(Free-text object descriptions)

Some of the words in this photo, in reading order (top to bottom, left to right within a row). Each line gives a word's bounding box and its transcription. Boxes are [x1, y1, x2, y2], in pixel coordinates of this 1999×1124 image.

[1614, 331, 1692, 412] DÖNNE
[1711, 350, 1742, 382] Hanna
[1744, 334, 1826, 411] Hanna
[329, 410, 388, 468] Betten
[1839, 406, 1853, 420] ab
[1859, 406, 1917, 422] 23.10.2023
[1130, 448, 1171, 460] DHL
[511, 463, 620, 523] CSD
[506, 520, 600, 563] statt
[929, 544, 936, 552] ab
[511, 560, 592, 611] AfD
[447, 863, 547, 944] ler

● Work instruction: Could you retype all of the records above exactly as they appear?

● Response to the exercise:
Some of the words in this photo, in reading order (top to bottom, left to right within a row). Each line gives a word's bounding box and its transcription. Boxes are [x1, y1, x2, y2], in pixel coordinates of this 1999×1124 image.

[1614, 331, 1692, 412] DÖNNE
[1711, 350, 1742, 382] Hanna
[1744, 334, 1826, 411] Hanna
[329, 410, 388, 468] Betten
[1839, 406, 1853, 420] ab
[1859, 406, 1917, 422] 23.10.2023
[1130, 448, 1171, 460] DHL
[511, 463, 620, 523] CSD
[506, 520, 600, 563] statt
[929, 544, 936, 552] ab
[511, 560, 592, 611] AfD
[447, 863, 547, 944] ler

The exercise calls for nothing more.